20 Feb 2024 | Marta Skreta*, Zihan Zhou*, Jia Lin Yuan*, Kourosh Darvish, Alán Aspuru-Guzik, and Animesh Garg
**REPLAN: Robotic Replanning with Perception and Language Models**
**Authors:** Marta Skreta, Zihan Zhou, Jia Lin Yuan, Kouros Darvish, Alán Aspuru-Guzik, and Animesh Garg
**Institution:** University of Toronto, Vector Institute for Artificial Intelligence, Georgia Institute of Technology, NVIDIA
**Abstract:**
This paper introduces REPLAN, a novel framework for robotic replanning that integrates large language models (LLMs) and vision-language models (VLMs) to enable online replanning for long-horizon tasks. REPLAN generates high-level plans and low-level reward functions, and uses perception to diagnose and address issues during task execution. The framework is evaluated on a Reasoning and Control (RC) benchmark with eight long-horizon tasks, demonstrating that REPLAN can successfully adapt to unforeseen obstacles and achieve open-ended goals, where baseline models often fail.
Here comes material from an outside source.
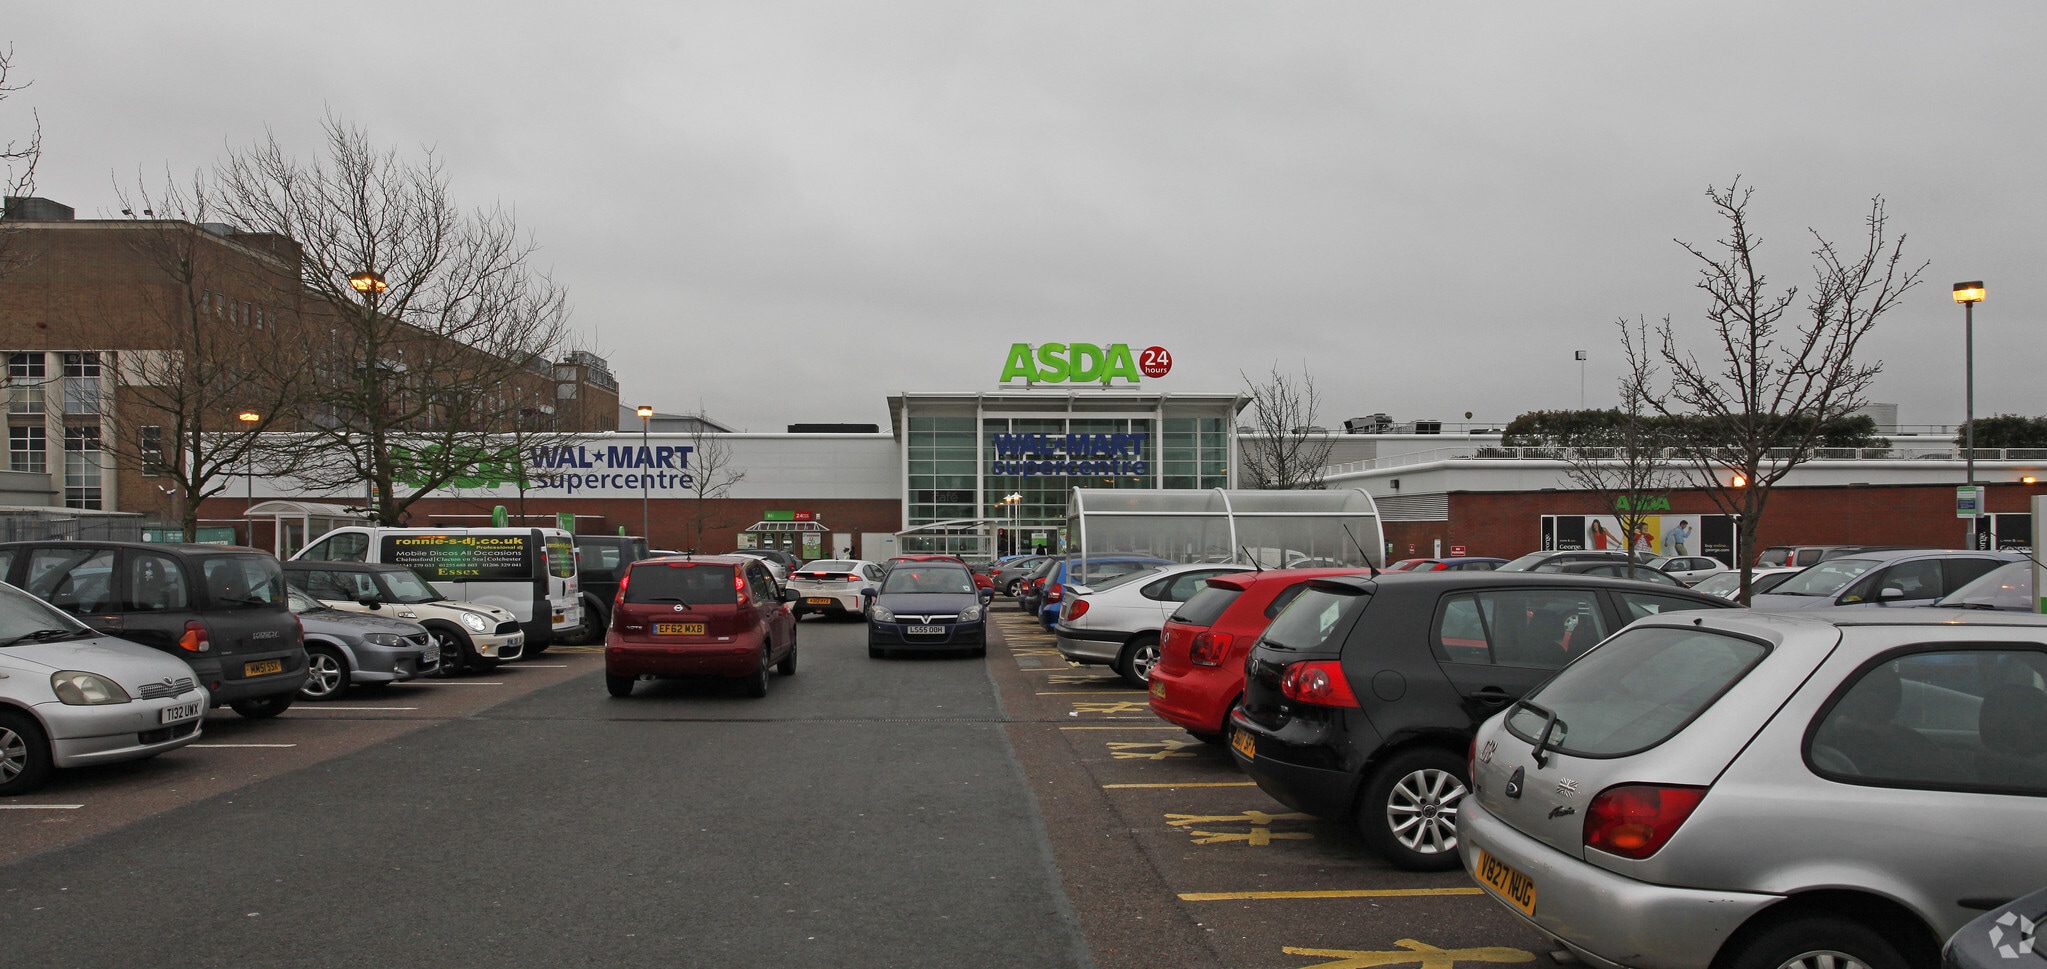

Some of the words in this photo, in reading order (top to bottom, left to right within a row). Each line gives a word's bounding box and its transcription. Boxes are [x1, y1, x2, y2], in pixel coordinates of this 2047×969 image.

The authors also present a detailed analysis of the framework's components and their contributions to task completion rates.
**Key Contributions:**
1. **REPLAN Framework:** An end-to-end framework for multi-level replanning with verification, incorporating high-level planning and low-level reward generation.
2. **Vision-Language Signals:** Utilizes vision-language signals for grounding and feedback correction, enhancing the framework's adaptability.
3. **Task Adaptation:** Demonstrates the ability to solve ambiguous tasks and adapt plans online as challenges arise without human intervention.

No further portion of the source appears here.